The debtor took out over $33,000 in student loans between 1989 and 1995. Thirteen loans were made through the Federal Family Educational Loan Program (FFELP), and five were made directly through the Department of Education (DOE). She reportedly made no voluntary payments on the FFELP loans, and had defaulted on all of them by 2001. She made one attempt to seek forbearance, by which she could reduce or postpone her payment obligations, but never attempted to restructure or modify the payment terms of the loans. The DOE garnished the debtor’s wages for its five loans. The debtor reportedly claimed that she thought the garnishment covered all eighteen loans. The FFELP creditor was apparently unable to garnish her wages because of the DOE’s garnishment order.

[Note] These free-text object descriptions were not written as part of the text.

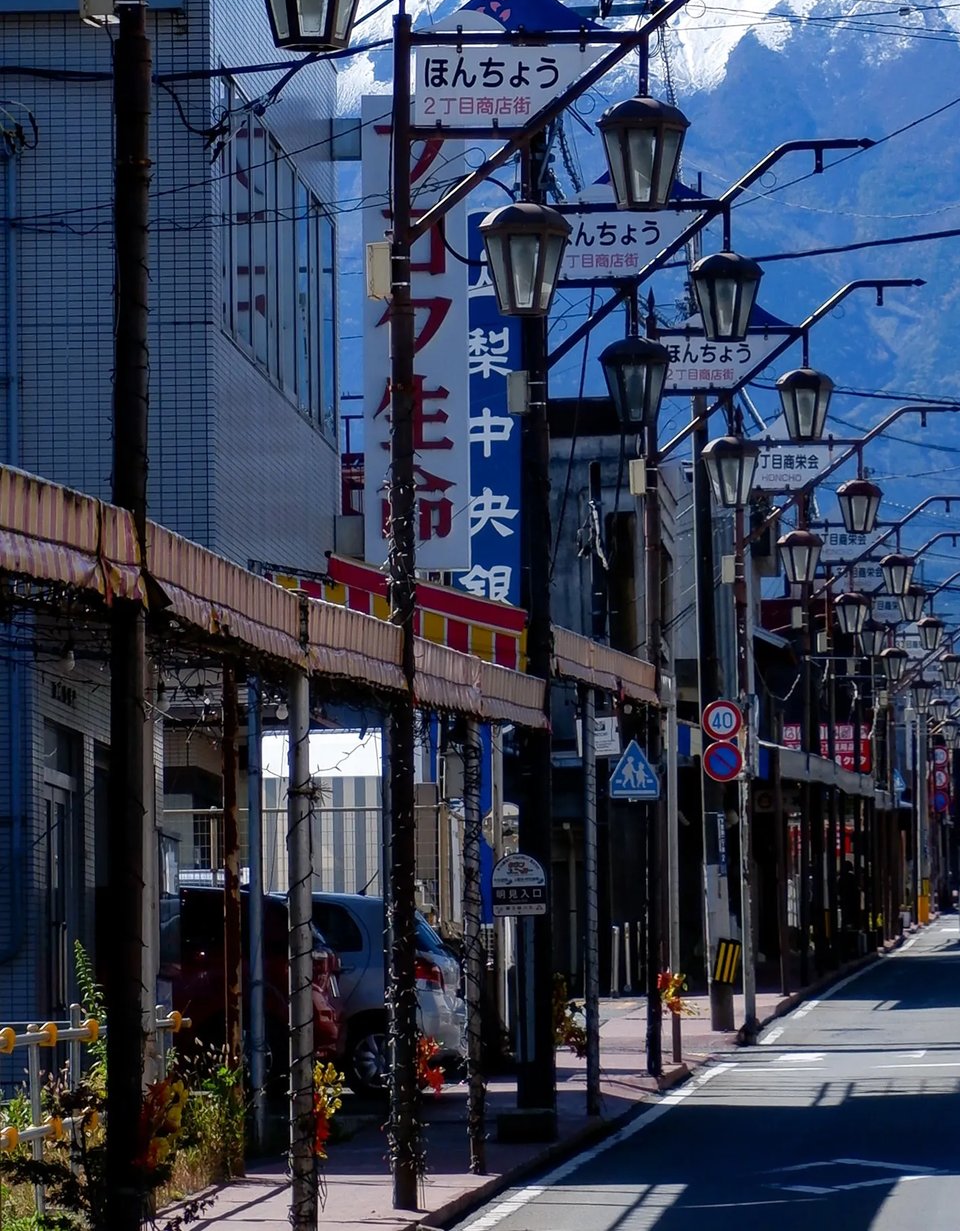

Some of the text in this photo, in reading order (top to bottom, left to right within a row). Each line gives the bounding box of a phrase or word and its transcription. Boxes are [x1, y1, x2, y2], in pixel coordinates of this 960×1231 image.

[425, 57, 559, 89] ほんちょう
[424, 96, 531, 115] 2丁目商店街
[566, 220, 660, 247] んちょう
[564, 253, 639, 268] 丁目商店街
[756, 454, 819, 469] 丁目商栄会
[816, 533, 867, 546] 丁目商栄会
[712, 711, 733, 729] 40
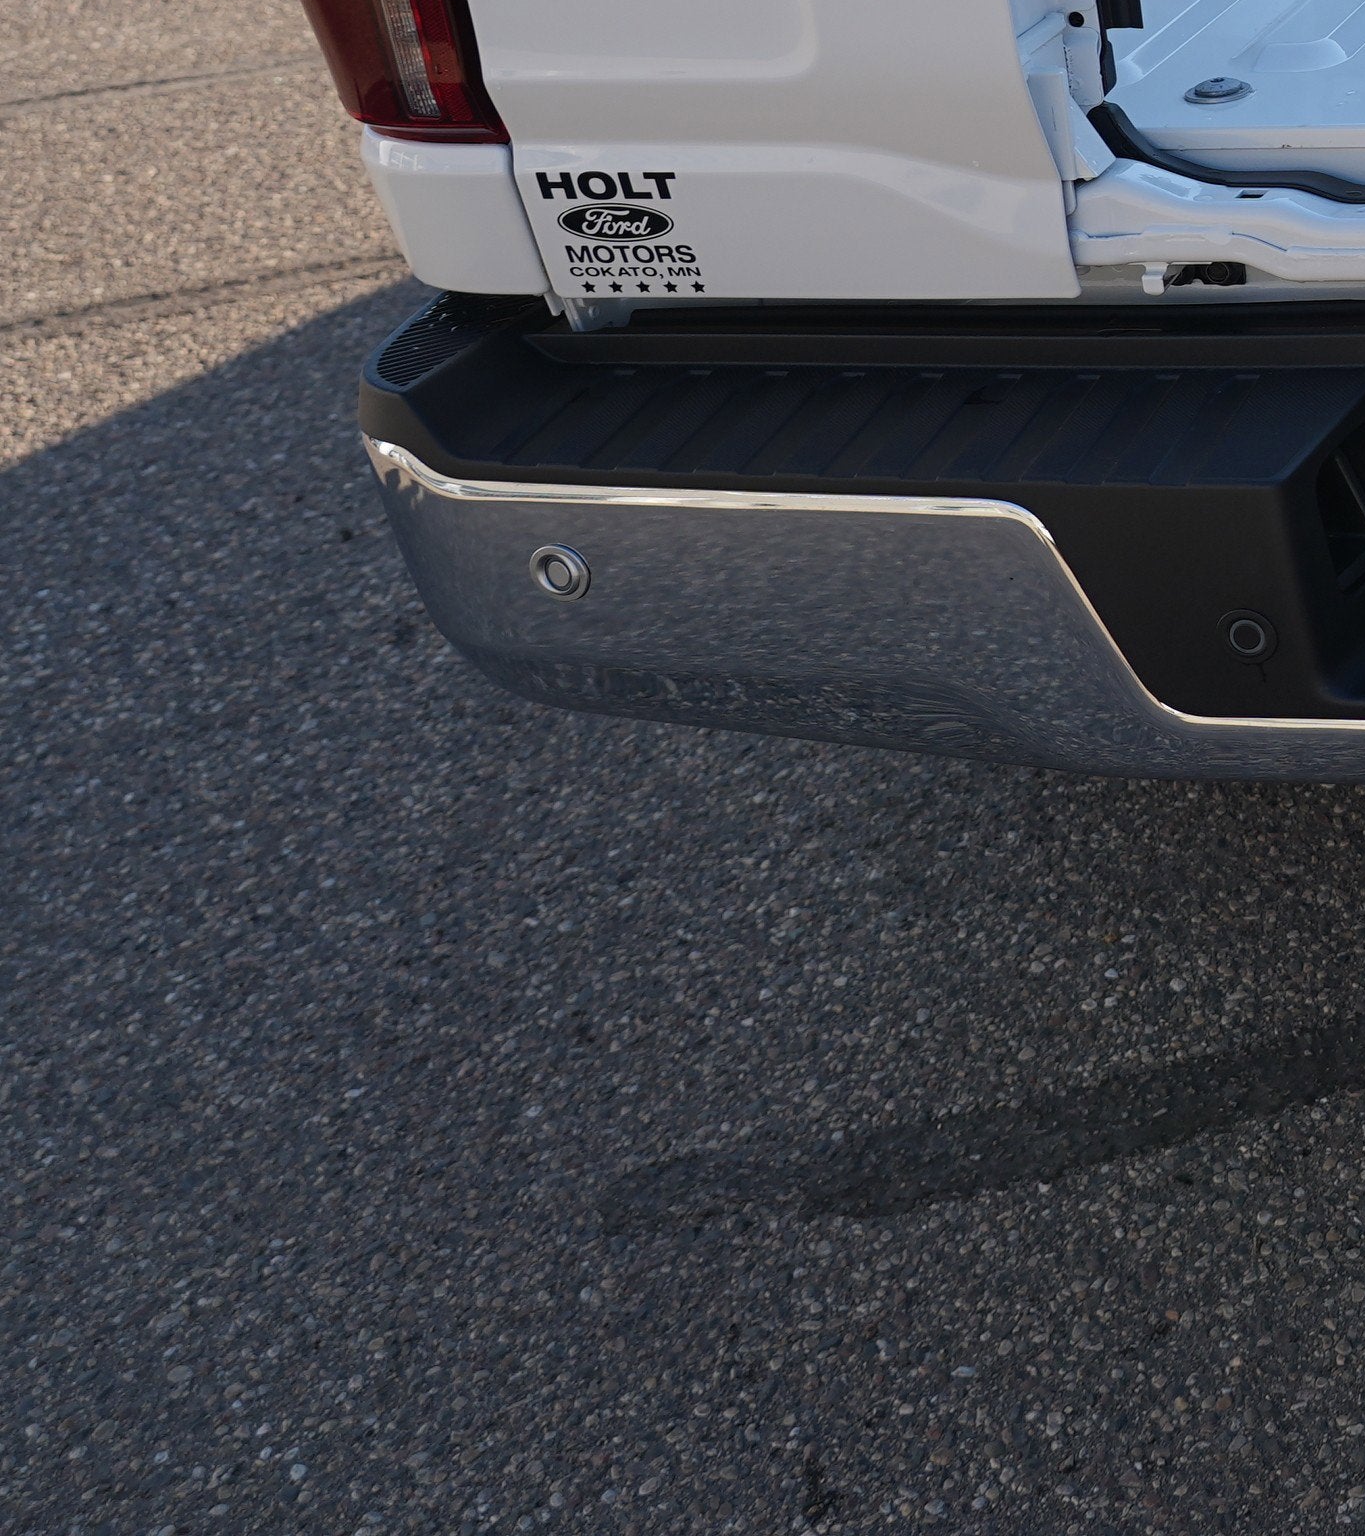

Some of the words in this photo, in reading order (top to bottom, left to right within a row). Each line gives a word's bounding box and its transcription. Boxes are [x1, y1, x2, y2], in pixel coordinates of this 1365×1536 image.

[535, 171, 676, 200] HOLT
[581, 208, 651, 235] Ford
[564, 245, 697, 264] MOTORS
[569, 267, 664, 279] COKATO,
[668, 267, 702, 277] MN

The debtor filed for Chapter 7 bankruptcy in January 2009, seeking discharge of all of the loans. She testified to the bankruptcy court that she suffers from multiple chronic medical conditions and physical injuries, which have impeded her efforts to find employment. The Brunner test, named for Brunner v. N.Y. State Higher Educ. Servs., 831 F.2d 395 (2nd Cir. 1987), requires a debtor to show inability to maintain a “minimal standard of living” if forced to continue loan payments, circumstances that make the current situation likely to persist for much of the repayment period, and “good faith efforts” at repayment. Id. at 396.

The FFELP creditor filed an adversary proceeding opposing discharge. It claimed that the loan balance was $95,404 as of January 2011. The bankruptcy court discharged the DOE loans, but not the FFELP loans, finding that the debtor had satisfied the first two parts of the Brunner test, but not the third.

The court found that the debtor was eligible for a plan to consolidate her loans, and that the creditor had recently advised her of this. She did not take advantage of the plan, however. No single act or omission proved a lack of good faith. Instead, the pattern of default, failing to restructure or seek forbearance, and failing to enroll in programs that would ease the payment burden cumulatively established a lack of good faith.

The debtor filed a pro se appeal, but the BAP affirmed the bankruptcy court’s ruling. It held that, while the debtor had made good-faith efforts to find employment and manage her expenses, the weight of the evidence supported a finding that she did not make good-faith efforts at repayment.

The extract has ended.